Ce livre [1] présente une expérience originale concernant un jeune autiste. Ce n’est pas un cas clinique, bien que nous puissions y observer de nombreux éléments cliniques qui soulignent la singularité de Briac. Ce n’est pas non plus un témoignage écrit par des parents, et en même temps, ce livre montre la longue expérience vécue par les parents de cet enfant devenu aujourd’hui adolescent.
La forme du travail de Deborah Allio est peu habituelle, puisqu’il s’agit d’une longue série d’entretiens avec les parents et les sœurs d’un jeune autiste. On peut souligner leur qualité d’écoute, la finesse de leurs interventions et le tact avec lequel ils introduisent des limites.
Le rapport de Briac à la langue est particulier. Il saisit peu les nuances et tient au caractère biunivoque entre mots et objets, ce qui à la fois objectalise les mots et élimine les équivoques. Mais il s’attache aussi au son. Le père fait ainsi remarquer que « le sens ne lui importe pas forcément, mais il aime la sonorité » spécialement quand il s’agit de mots d’un vocabulaire élaboré.
On mesure aussi tout le travail fait par la mère pour l’introduire doucement dans la langue commune après avoir accepté tout un temps de déchiffrer sa langue privée.
Parmi les nombreux éléments cliniques dont ce livre fourmille, on peut repérer les singularités de l’usage de la voix, toujours travestie, ou l’évitement du regard, qui tiennent ainsi à l’écart l’Autre trop réel. S’appuyant sur des paires de doubles issues de dessins animés, il traite la présence de l’Autre en en réduisant l’énonciation. Ces doubles viennent dans la continuité de ses objets autistiques. Il faut ajouter qu’il a pris pendant un long temps un appui sur une de ses sœurs qui a ainsi opéré comme double. Et par cet appui il a appris à lire et à écrire à l’insu de tous, hors apprentissages scolaires, seul mais pas sans le double.

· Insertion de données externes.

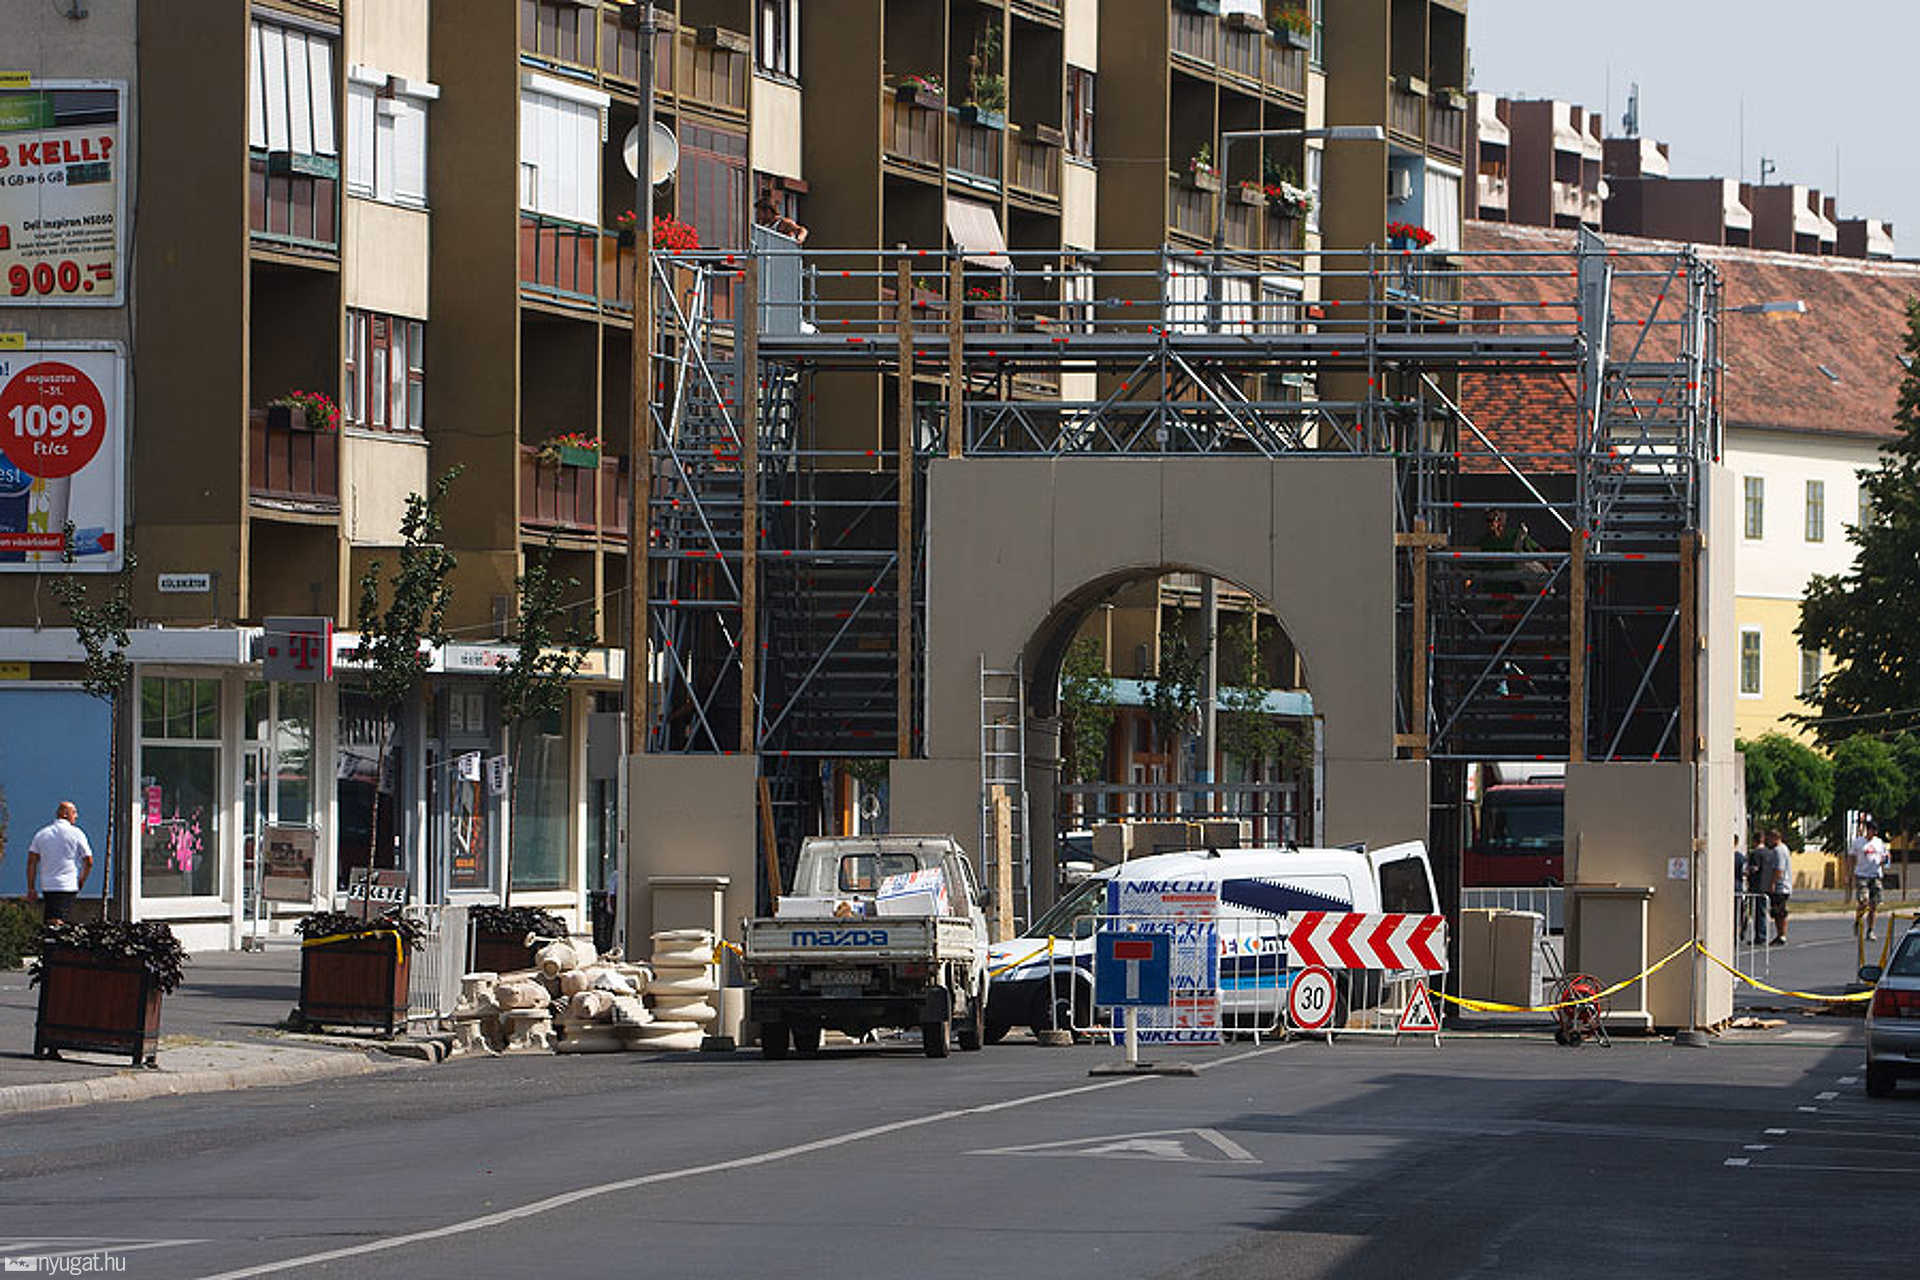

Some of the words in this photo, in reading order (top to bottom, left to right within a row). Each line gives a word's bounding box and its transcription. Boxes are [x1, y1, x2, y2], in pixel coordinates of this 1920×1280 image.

[18, 136, 114, 167] KELL?
[7, 404, 94, 437] 1099
[1124, 880, 1217, 894] NIKECELL
[1301, 986, 1325, 1010] 30
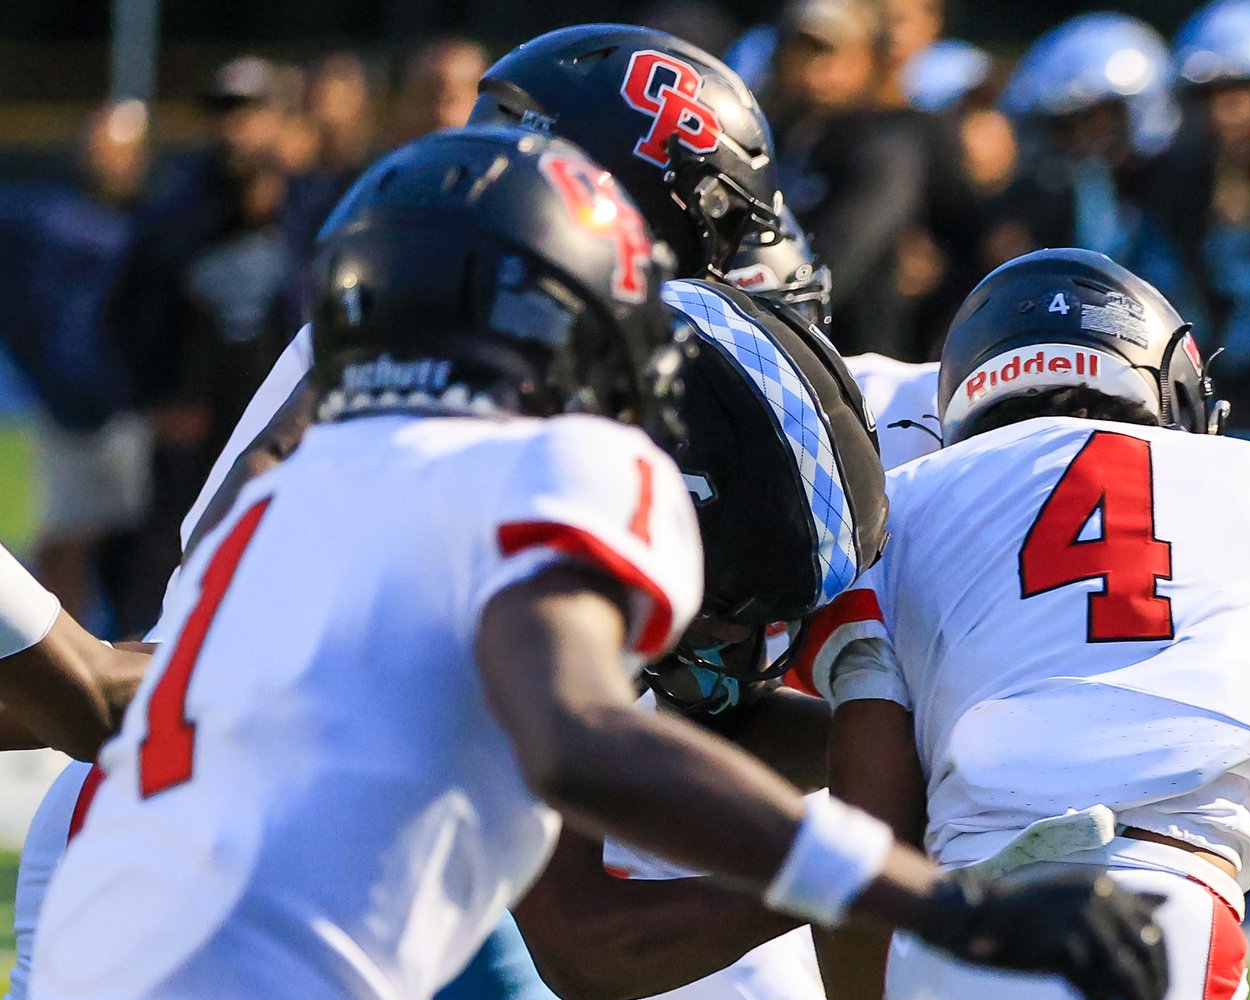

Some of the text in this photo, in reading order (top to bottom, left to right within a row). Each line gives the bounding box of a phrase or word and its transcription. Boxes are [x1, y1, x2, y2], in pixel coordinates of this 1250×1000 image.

[1048, 293, 1070, 315] 4
[966, 351, 1099, 405] Riddell
[629, 457, 653, 546] 1
[1018, 429, 1175, 643] 4
[138, 494, 275, 799] 1
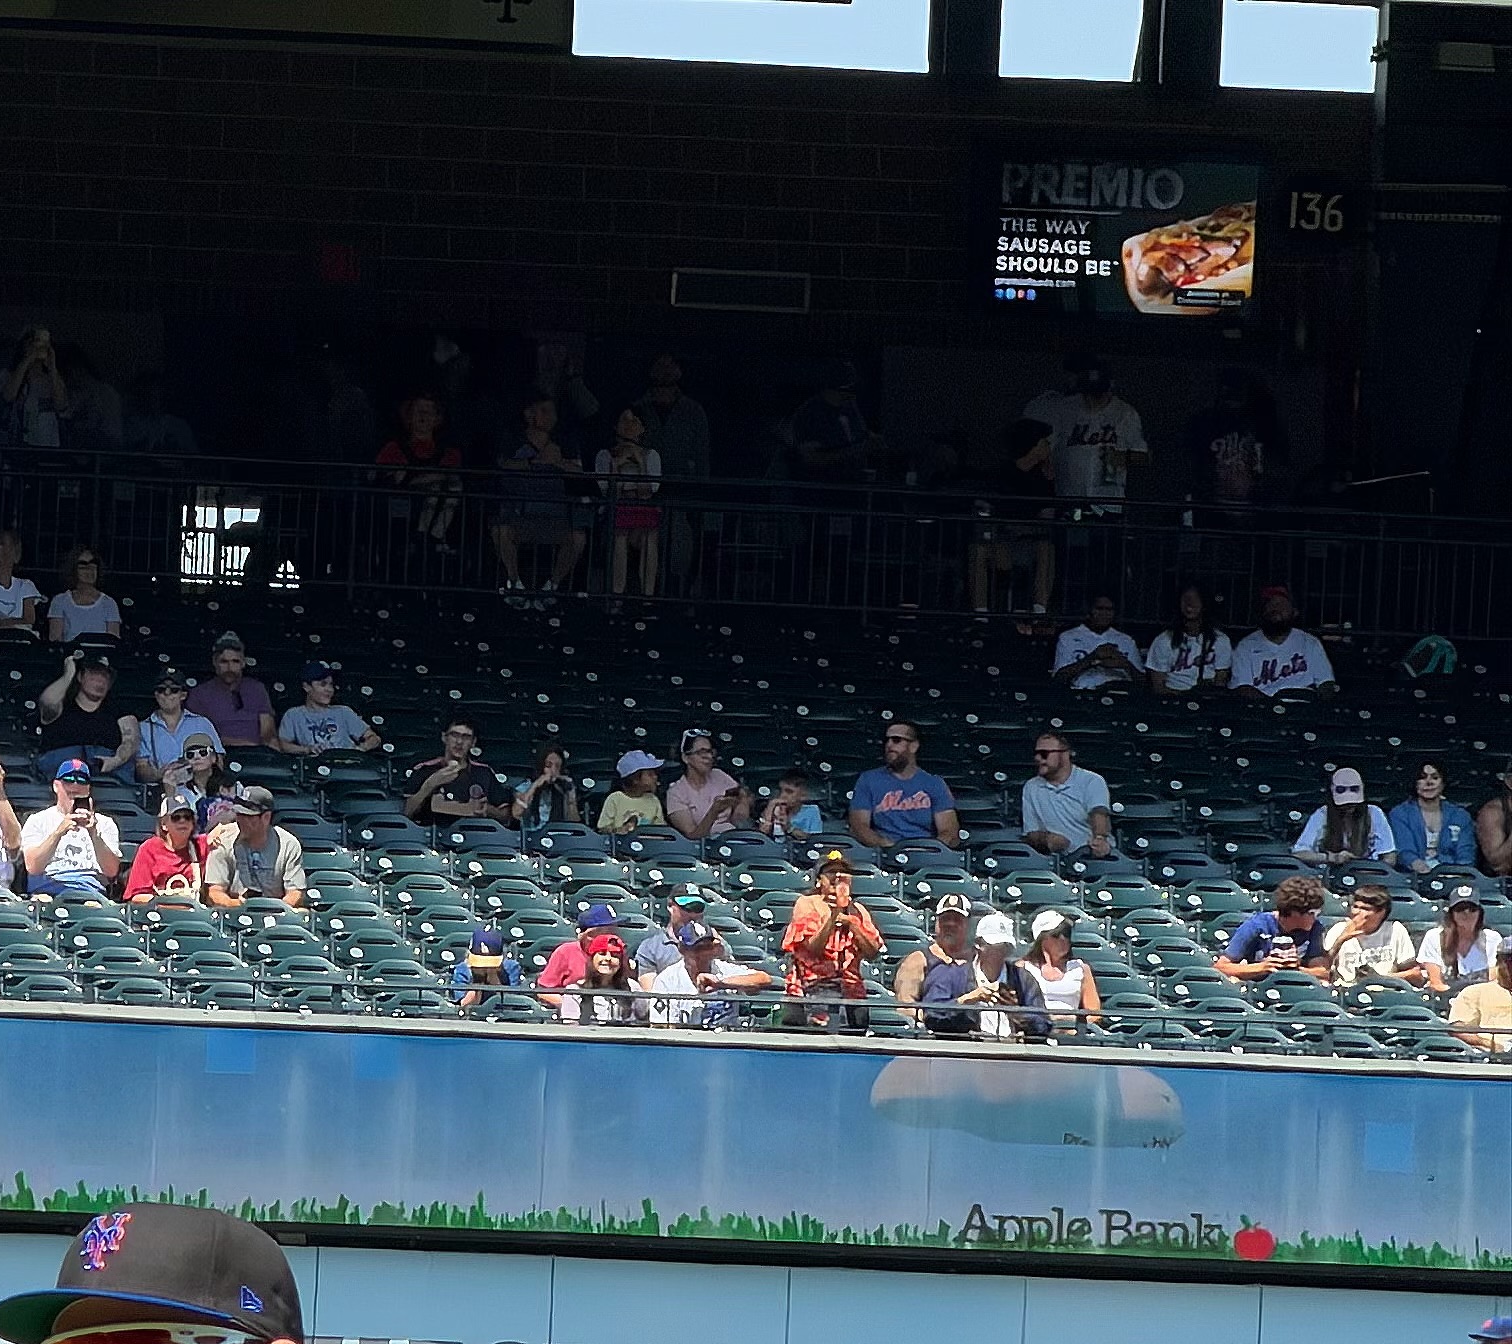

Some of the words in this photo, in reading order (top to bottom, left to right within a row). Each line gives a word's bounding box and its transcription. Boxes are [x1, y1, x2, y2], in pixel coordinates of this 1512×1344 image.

[1001, 163, 1184, 210] PREMIO
[1289, 192, 1344, 232] 136
[999, 217, 1037, 233] THE
[1045, 218, 1091, 235] WAY
[996, 236, 1091, 256] SAUSAGE
[996, 255, 1079, 275] SHOULD
[1252, 654, 1308, 686] Mets
[876, 789, 931, 811] Mets
[961, 1203, 1093, 1250] Apple
[1098, 1208, 1224, 1251] Bank
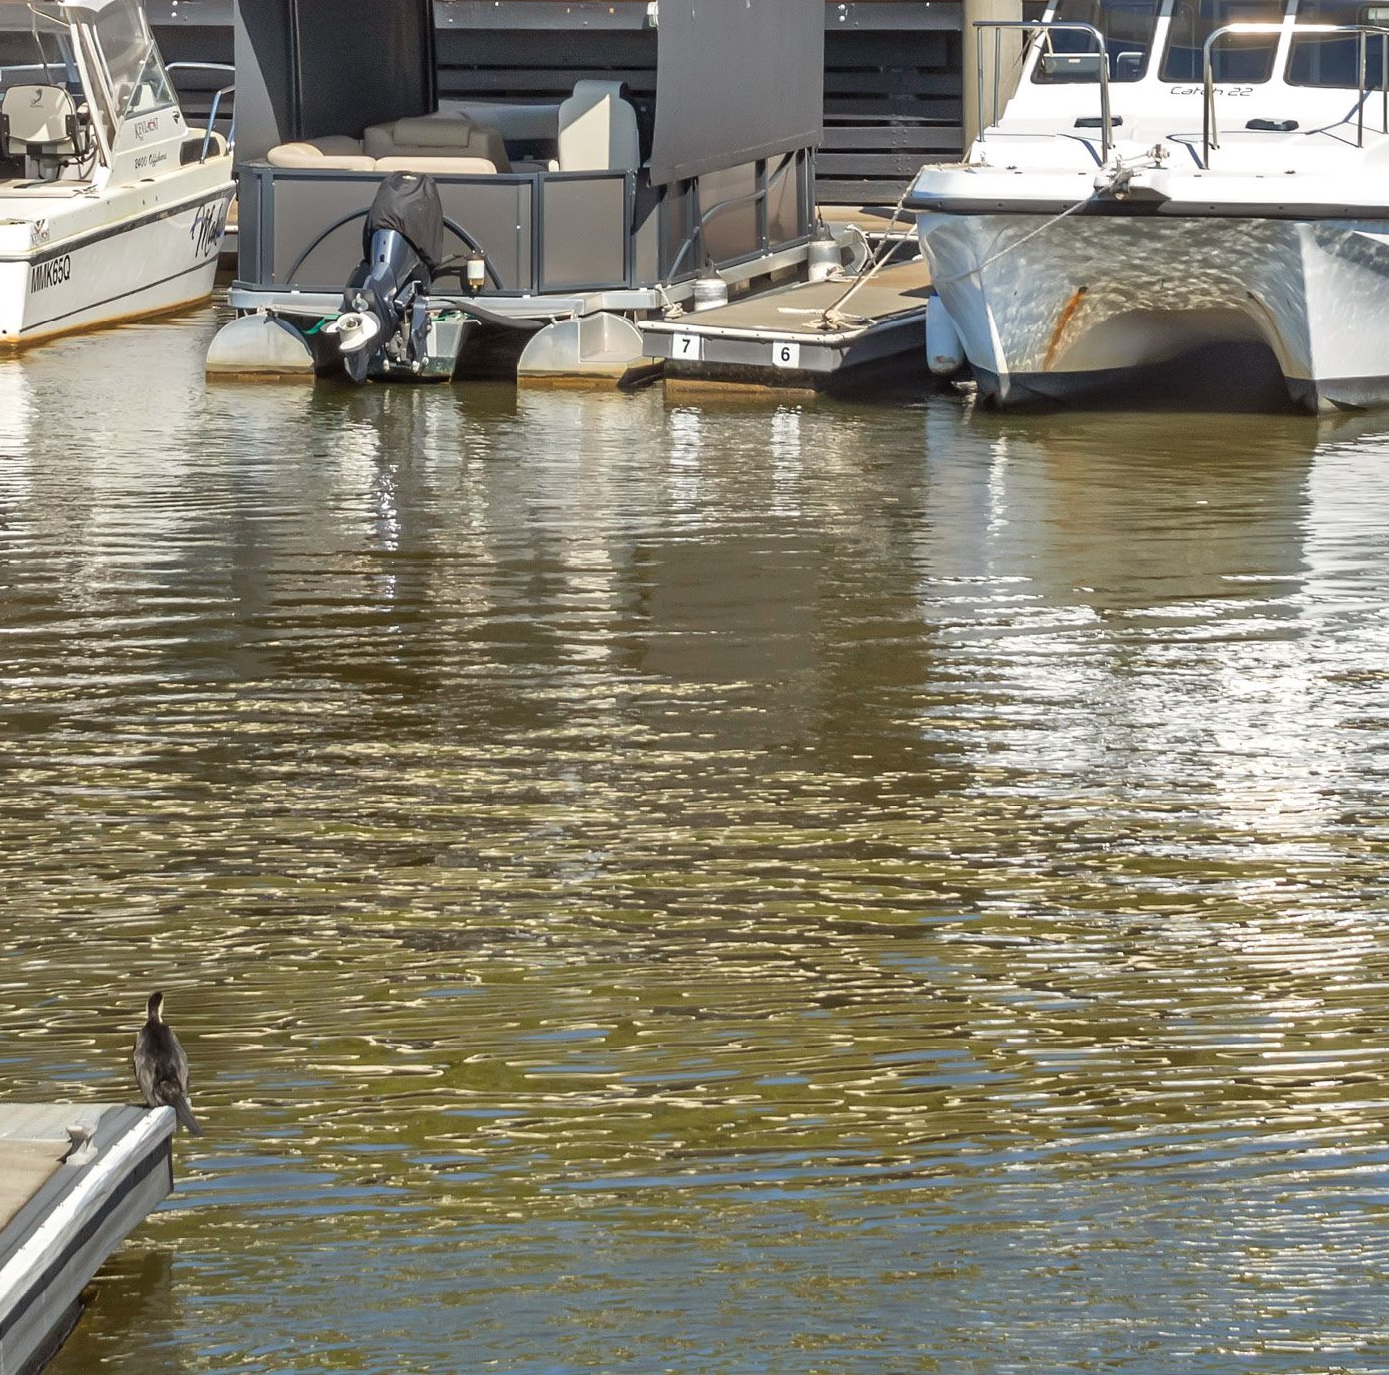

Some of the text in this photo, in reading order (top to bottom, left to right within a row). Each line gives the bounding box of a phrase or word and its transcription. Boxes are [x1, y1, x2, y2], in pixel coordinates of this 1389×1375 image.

[1227, 87, 1253, 97] 22
[31, 254, 71, 294] MMK65Q
[682, 338, 691, 353] 7
[781, 346, 791, 362] 6

Progressivement cet appui sur les objets et les doubles sera remplacé par les objets connectés et la recherche sur internet. Aujourd’hui c’est par des supports pris sur le Net qu’il apprend, seul, des langues étrangères, spécialement l’anglais, mais aussi l’espagnol et le russe.
Comme le dit bien sa mère, il est solitaire mais sans chercher la solitude. Pour ses apprentissages il avance seul, mais « il cherche de plus en plus à être avec les autres, pas sur le mode de la conversation, mais juste d’être là ».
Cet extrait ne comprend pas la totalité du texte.